Italy
This year's Britain’s national pavilion at the Venice Biennale began with video from the Tudor court that remembers the death of a British-Nigerian man, David Oluwale, who drowned in a Yorkshire river after being beaten by local police in 1969.
Along the way, in the Ghanaian film-maker Sir John Akomfrah’s exhibition, comes a sumptuously told visual and auditory story.
"It's a project on memory and water functions for me as a very resonant image of memory. How it works, where it goes, and the form that it takes in our lives." says****John Akomfrah.

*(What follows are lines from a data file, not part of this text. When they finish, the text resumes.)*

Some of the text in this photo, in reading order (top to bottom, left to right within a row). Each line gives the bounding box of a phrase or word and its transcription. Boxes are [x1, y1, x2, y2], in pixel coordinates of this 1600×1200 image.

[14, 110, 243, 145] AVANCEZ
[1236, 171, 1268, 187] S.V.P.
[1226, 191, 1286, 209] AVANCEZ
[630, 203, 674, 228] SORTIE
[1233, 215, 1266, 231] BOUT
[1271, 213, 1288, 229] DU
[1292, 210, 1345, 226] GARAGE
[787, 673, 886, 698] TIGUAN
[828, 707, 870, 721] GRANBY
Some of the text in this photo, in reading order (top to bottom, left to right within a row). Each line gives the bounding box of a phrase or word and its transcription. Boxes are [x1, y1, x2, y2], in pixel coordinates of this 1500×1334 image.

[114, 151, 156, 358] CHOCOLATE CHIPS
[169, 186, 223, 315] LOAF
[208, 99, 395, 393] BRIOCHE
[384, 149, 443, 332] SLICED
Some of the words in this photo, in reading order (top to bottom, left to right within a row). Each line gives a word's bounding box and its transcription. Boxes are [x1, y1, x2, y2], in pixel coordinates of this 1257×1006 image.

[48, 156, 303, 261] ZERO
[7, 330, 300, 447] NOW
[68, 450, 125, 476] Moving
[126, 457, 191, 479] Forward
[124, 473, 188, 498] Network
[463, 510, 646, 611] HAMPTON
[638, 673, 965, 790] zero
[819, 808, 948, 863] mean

The Ghanaian founder of Black Audio Film Collective said he would have laughed if someone had said he’d someday be in the pavilion
John Akomfrah, artist, British pavilion: "I mean, this feels like a very significant moment for artists of color. Because I'm in the British pavilion. Next to me is a French one that's with an artist, Julien, who I love a lot, of African origin. And then next to me is a Canadian pavilion that has a biracial artist, again of African heritage. So that's certainly not happened before, that three major pavilions have artists of color, inhabiting, occupied, making work in them. And that feels like a breakthrough."
There are 88 national pavilions in the city’s public gardens featured in this year's Venice Biennale, the world’s largest and most prominent art event . Benin, Ethiopia, Tanzania, Senegal, Timor-Leste and Panama are taking part for the first time.
Commissioned for the Venice Biennale by the British Council, sections of Akomfrah’s work will also be shown in the UK in 2025 at the National Museum of Wales, and at Dundee Contemporary Arts.